Even as “dark money” political spending surged in the 2014 elections, the Center for Political Accountability announced major advances in disclosing political spending by corporations.
“We’re making big strides in bringing sunlight to corporate political spending, and there’s momentum for this effort at a critical time,” said Bruce F. Freed, CPA president. “The veil is pulled back on the scale and content of companies’ political spending. Shareholders seeking to reduce their risk can begin to follow the money.”
According to figures compiled by CPA, companies have disclosed at least $57 million in previously hidden payments to six leading politically active trade associations over the past two election cycles. The payments were non-deductible and a substantial amount was used for political spending. The associations are the U.S. Chamber of Commerce, Pharmaceutical Research and Manufacturers of America, America’s Health Insurance Plans, the National Association of Manufacturers, the Business Roundtable and the American Chemistry Council.
In addition, 108 companies have adopted policies on political contributions to secretive 501(c)(4) “social welfare” organizations. The policies include disclosing these contributions; eschewing them; exercising board oversight; or restricting the recipient groups from using these payments for political purposes.

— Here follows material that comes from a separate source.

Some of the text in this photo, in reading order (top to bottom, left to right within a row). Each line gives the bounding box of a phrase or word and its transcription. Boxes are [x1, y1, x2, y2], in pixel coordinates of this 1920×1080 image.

These groups are a key conduit for “dark money” political spending.
And as the 2014 proxy season winds down, shareholder resolutions for corporate political disclosure and accountability have captured sustained support. After a new agreement was reached, the number of publicly held corporations adopting political disclosure and accountability policies climbed to 129.
Intuit was the latest company to adopt a transparency agreement. After Intuit announced its agreement, a shareholder resolution was withdrawn by Clean Yield Asset Management.

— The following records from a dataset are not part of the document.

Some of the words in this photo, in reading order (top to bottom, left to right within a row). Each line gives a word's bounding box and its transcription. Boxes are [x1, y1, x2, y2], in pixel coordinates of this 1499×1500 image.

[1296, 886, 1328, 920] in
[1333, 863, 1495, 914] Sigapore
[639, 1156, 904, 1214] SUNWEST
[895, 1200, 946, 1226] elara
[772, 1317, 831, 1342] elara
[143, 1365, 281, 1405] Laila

With a projected price tag approaching $4 billion for the 2014 elections, “dark money” political spending surged to at least $219 million, according to the Center for Responsive Politics. This secretive spending by groups that don’t disclose all or some of their donors soared to new levels from $160.8 million in 2010.
The way that nonprofit groups can be used to conceal donors while engaging in nasty hardball political tactics was illustrated in a pre-election New York Times article. It told about a Washington political consultant whose speech to a friendly energy industry audience was recorded secretly.
“People always ask me one question all the time: ‘How do I know that I won’t be found out as a supporter of what you’re doing?’ ” Richard Berman said. “We run all of this stuff through nonprofit organizations that are insulated from having to disclose donors. There is total anonymity. People don’t know who supports us.”
The Securities and Exchange Commission has not considered a petition for a rule to require corporate political disclosure, and its failure to do so is stirring up debate. The petition is strongly supported by the Center for Political Accountability.
On Oct. 30, a New York Times editorial supported the proposed rule and chastised the SEC for failing to take it up. Commissioner Daniel M. Gallagher, a Republican commissioner, then wrote letter to the editor insisting the SEC should never even consider the rule. In rebuttal, two professors who had helped draft the petition defended it, challenged Gallagher’s reasoning and said a rule would be quite consistent with past SEC actions.
The Times editorial equated corporate political disclosure and good corporate governance. That conclusion is a foundation of CPA’s effort for disclosure.
“Basic investor protection requires that shareholders know how corporate money is spent. Good corporate governance requires executives to be transparent about their use of company cash. Ignoring the need for disclosure of political spending won’t make the need go away. It only makes the S.E.C. complicit in the corrupting system of unlimited campaign donations from unnamed donors,” the editorial said.
Gallagher replied that shareholders “don’t care” about corporate political disclosure. He asserted that shareholder votes on disclosure resolutions provide proof. They have registered well under 50 percent support.
Jackson and Bebchuk dug into history and said in a Harvard Law School blog post
that “SEC’s longstanding practice has been to expand its disclosure requirements in light of shareholder proposals that have significant support—even when the levels of support were substantially lower than the support recently received by proposals related to political spending.”
“Thus,” the professors wrote, “the claim that the level of support for shareholder proposals in this area provides a good reason for opposing SEC rules requiring disclosure … has no basis in the SEC’s historical or recent approach to developing its disclosure rules. Indeed, thus far, opponents of such rules have utterly failed to provide a basis for avoiding an examination of the subject on the merits.”